Zoom sur la Figure 8
Aperçu de la conception, des méthodes et des résultats du projet MutSpec 2.0 intégrant des études in vitro, des essais biologiques et des études chez les humains. Cultures cellulaires 2D et 3D en monocouches ou tridimensionnelles ; ALI – interface air-liquide ; BBCE – expansion clonale par contournement de barrière ; scsCE – expansion clonale par sous-clonage d’une seule cellule ; FF – congelé frais ; FFPE – fixé au formol et inclus dans la paraffine ; LC-MS/MS – utilisation de la chromatographie liquide couplée à la spectrométrie de masse pour analyser les adduits à l’ADN pré-mutagènes.
- Le projet MutSpec 2.0 fait appel à des méthodes expérimentales et à des systèmes innovants, conçus spécialement dans ce cadre. A ce jour, le projet s’attache à perfectionner les systèmes modèles existants pour i) mettre au point des applications à haut débit permettant de tester les agents potentiellement cancérogènes, et ii) à étudier les mécanismes qui endommagent l’ADN, en s’appuyant notamment sur des études collaboratives pour analyser les adduits à l’ADN (approches adductomiques) et identifier ainsi des lésions pré-mutagènes. L’impact fonctionnel des agressions mutagènes est étudié à travers l’identification des relations entre mutagenèse et topographie du génome, et l’analyse des spectres de mutation et de la dynamique de l’organisation de la chromatine pendant l’immortalisation et la transformation des cellules et dans la tumeur.
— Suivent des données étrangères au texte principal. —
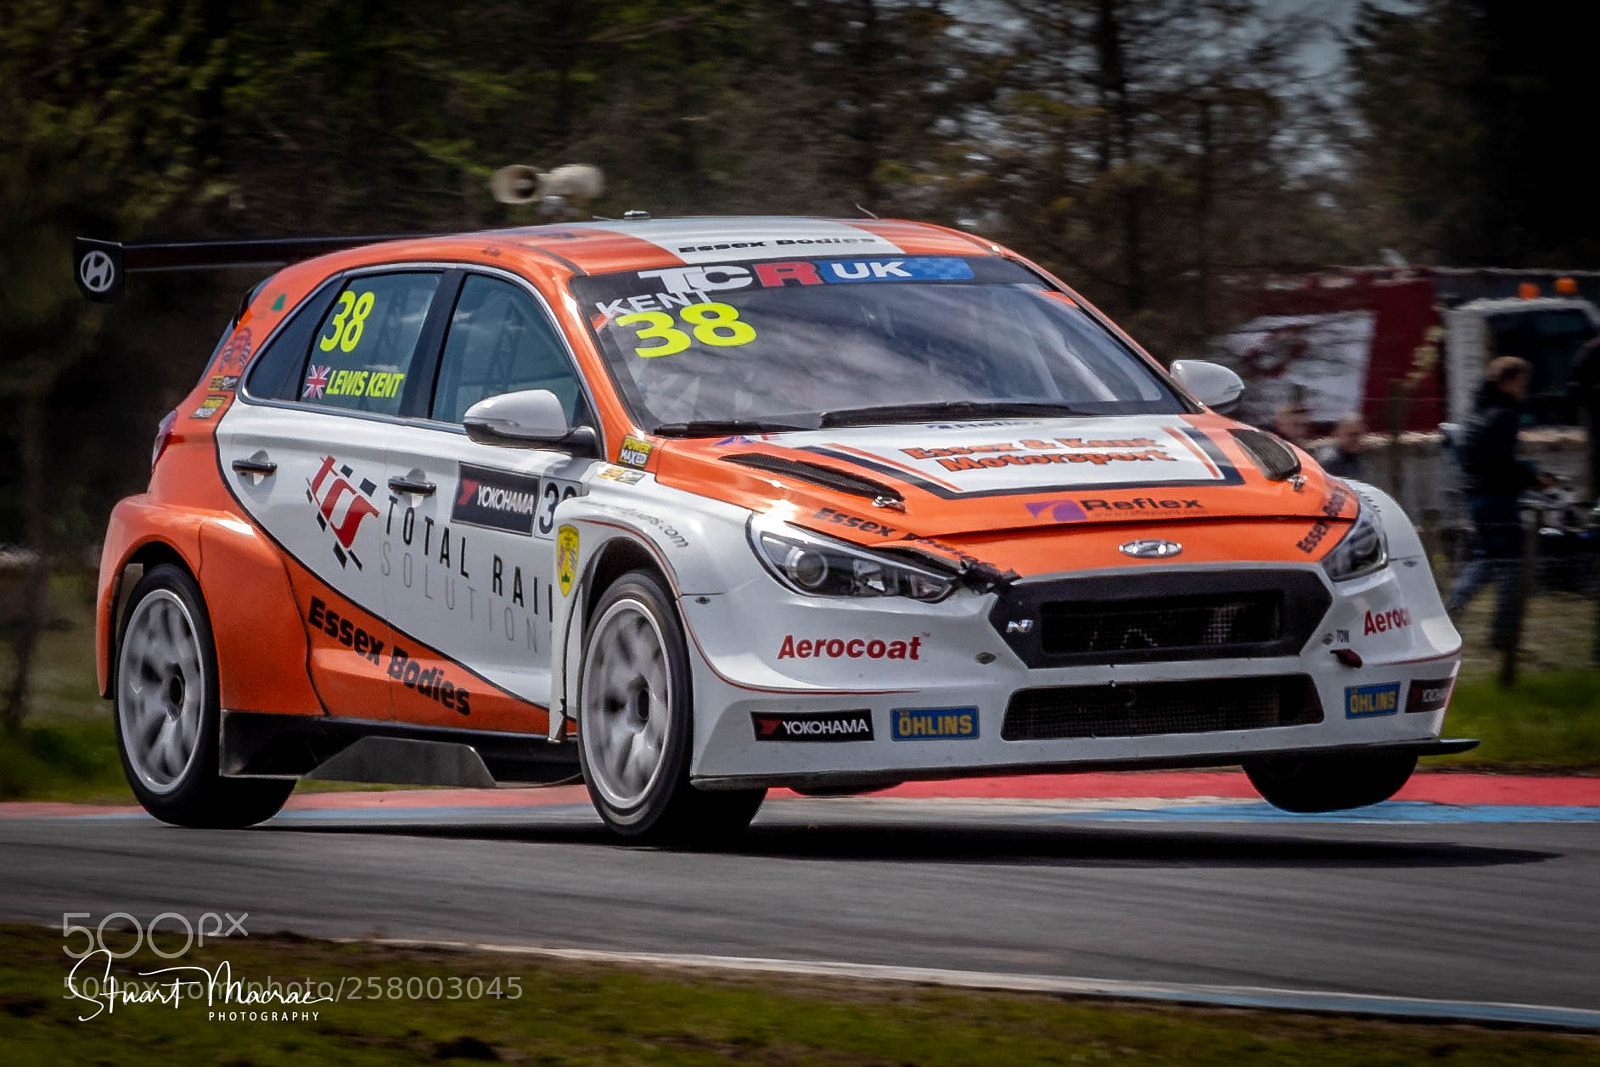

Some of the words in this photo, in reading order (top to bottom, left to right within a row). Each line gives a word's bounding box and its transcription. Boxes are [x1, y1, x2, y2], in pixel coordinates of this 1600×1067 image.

[678, 240, 765, 253] Essex
[637, 261, 824, 294] TCR
[831, 261, 912, 280] UK
[595, 289, 713, 318] KENT
[319, 290, 375, 353] 38
[615, 302, 757, 359] 38
[325, 369, 365, 396] LEWIS
[366, 371, 405, 399] KENT
[936, 449, 1178, 472] Motorsport
[476, 484, 535, 515] YOKOHAMA
[1080, 497, 1204, 511] Reflex
[386, 495, 470, 579] TOTAL
[812, 507, 897, 537] Essex
[308, 596, 384, 665] Essex
[386, 642, 471, 716] Bodies
[777, 634, 921, 660] Aerocoat
[782, 718, 869, 736] YOKOHAMA
[898, 712, 973, 737] ÖHLINS
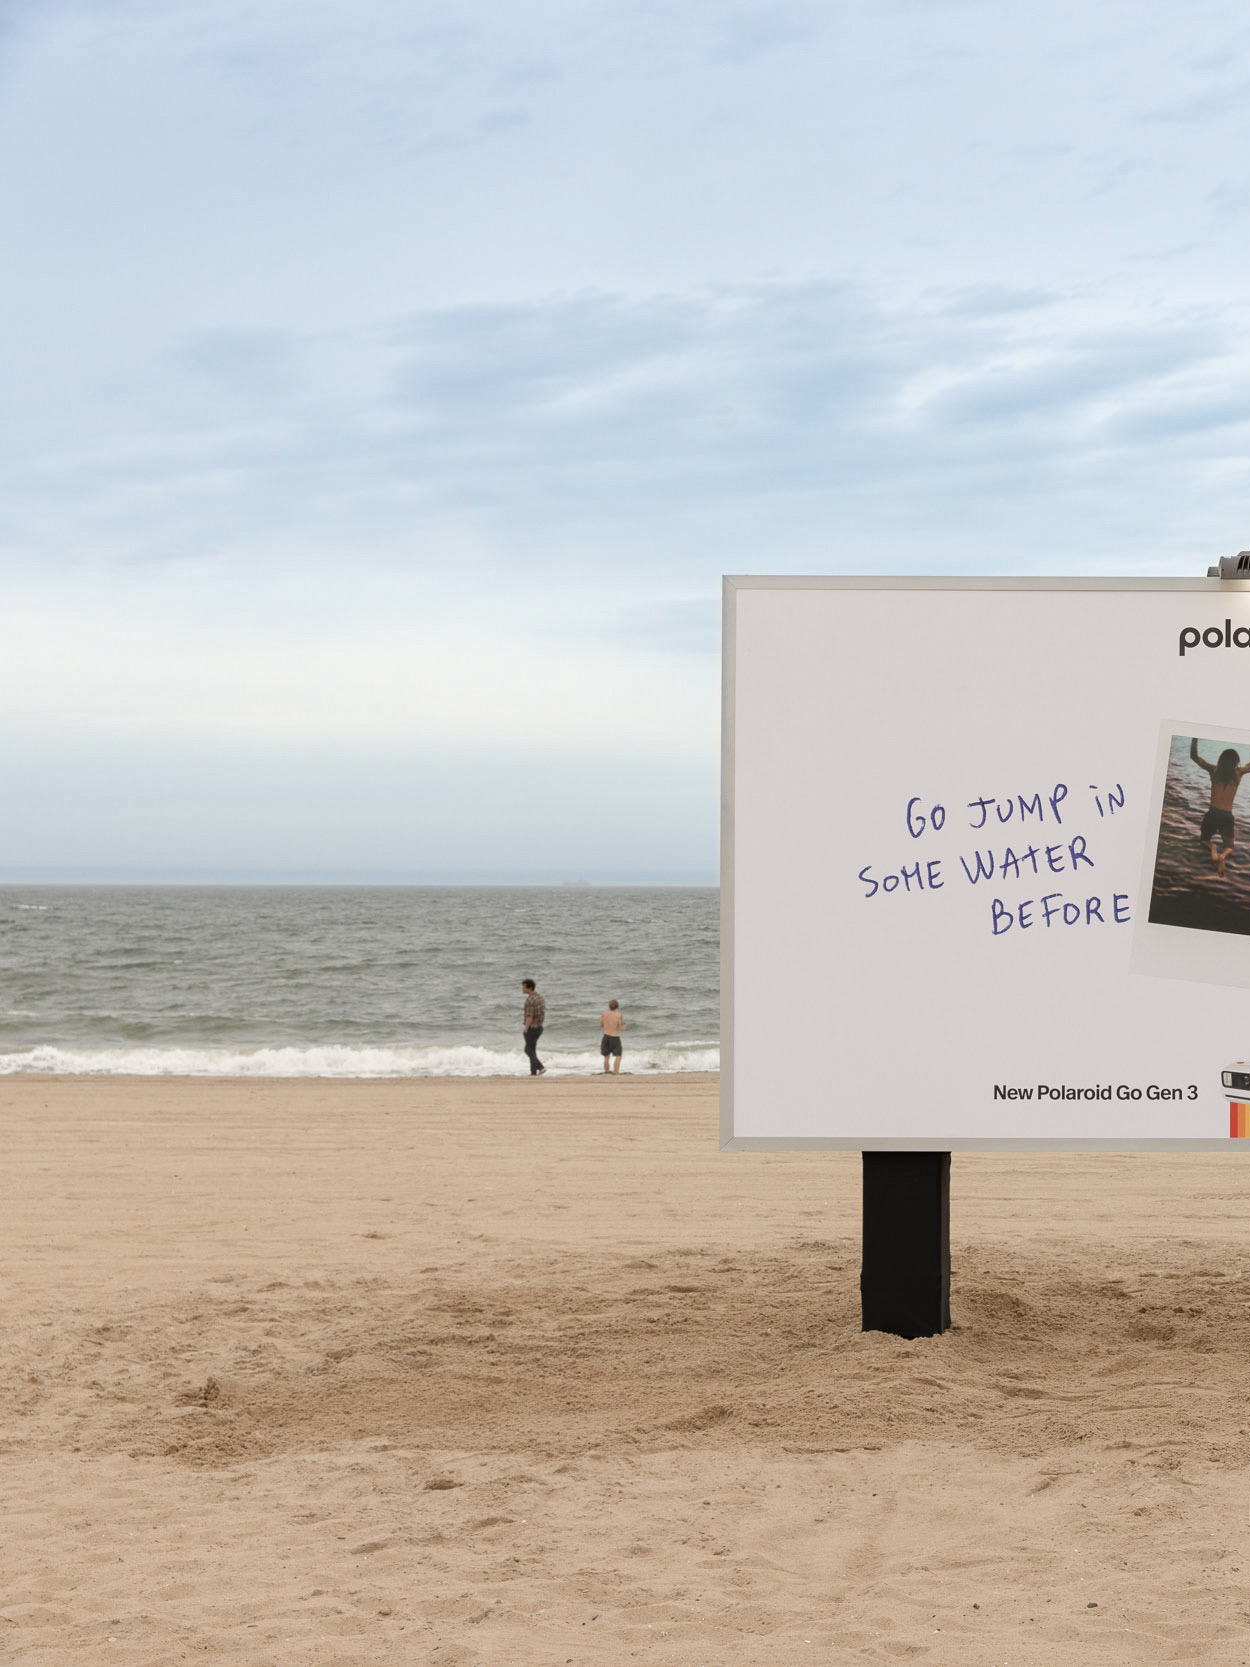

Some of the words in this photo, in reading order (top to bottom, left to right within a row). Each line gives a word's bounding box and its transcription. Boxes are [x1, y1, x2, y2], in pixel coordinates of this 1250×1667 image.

[906, 796, 946, 839] GO
[967, 783, 1069, 829] JUMP
[858, 860, 945, 899] SOME
[959, 835, 1095, 885] WATER
[991, 892, 1132, 936] BEFORE
[993, 1084, 1034, 1101] New
[1037, 1083, 1113, 1101] Polaroid
[1115, 1084, 1143, 1101] Go
[1145, 1084, 1183, 1101] Gen
[1186, 1084, 1199, 1101] 3
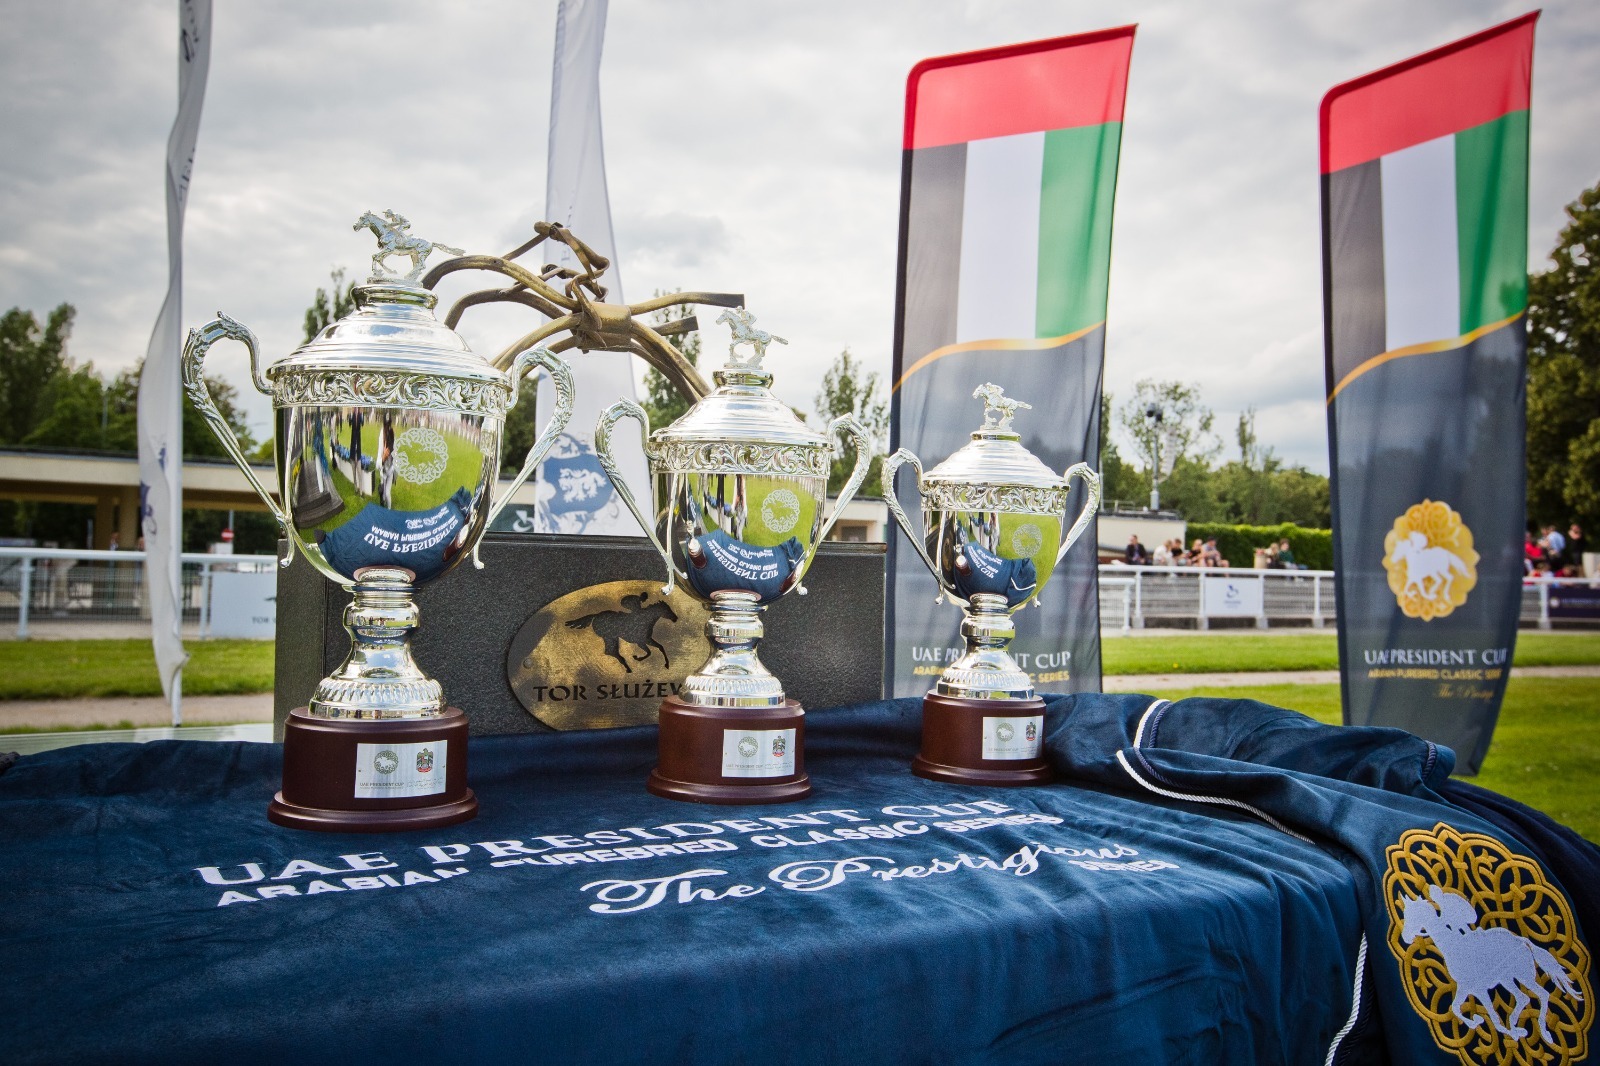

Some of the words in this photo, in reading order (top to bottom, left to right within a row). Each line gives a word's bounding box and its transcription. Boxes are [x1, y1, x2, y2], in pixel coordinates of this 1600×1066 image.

[912, 646, 942, 662] UAE
[1035, 650, 1071, 669] CUP
[1390, 648, 1477, 665] PRESIDENT
[912, 665, 946, 676] ARAB
[1037, 670, 1070, 683] SERIES
[533, 686, 587, 701] TOR
[194, 851, 399, 885] UAE
[421, 809, 870, 864] PRESIDENT
[881, 800, 1014, 818] CUP
[217, 867, 469, 907] ARABIAN
[751, 820, 930, 848] CLASSIC
[933, 814, 1065, 832] SERIES
[580, 868, 765, 914] The
[768, 841, 1139, 892] Prestigious
L’accent est mis sur l’interaction fonctionnelle entre les altérations génétiques et épigénétiques au cours des premières étapes de la transformation cellulaire, ainsi que sur la validation de marqueurs moléculaires expérimentaux issus de données publiques sur le cancer.
- Forte de son expertise en génomique et en bioinformatique concernant les agressions génotoxiques par des cancérogènes présumés ou connus, la Branche EGM participe à diverses études d’épidémiologie moléculaire du cancer, notamment (mais pas exclusivement) aux enquêtes sur la cancérogénicité rénale liée à l’exposition alimentaire à l’acrylamide (projet MODARC, soutenu par le World Cancer Research Fund International), le rôle de l’exposition à l’amiante dans le développement du cancer de l’ovaire (étude EVAMOVAIRE2, soutenue par l’ANSES, France), les signatures métaboliques et génétiques dans le cancer du sein triple négatif de la cohorte EPIC (soutenue par l’INCa, France), et le risque de cancer associé à l’exposition à l’acide aristolochique, agent cancérogène extrait de plantes, en Asie et en Europe. Dans les pays à revenu faible et intermédiaire, la Branche EGM collabore à l’étude des bases moléculaires des cancers à forte incidence dans certaines régions (projet ARISTOCANCERS). Les études mécanistiques et d’épidémiologie moléculaire utilisant des modèles permettent d’identifier des biomarqueurs d’exposition et de développement du cancer, qui devraient pouvoir s’appliquer à l’évaluation des dangers cancérogènes.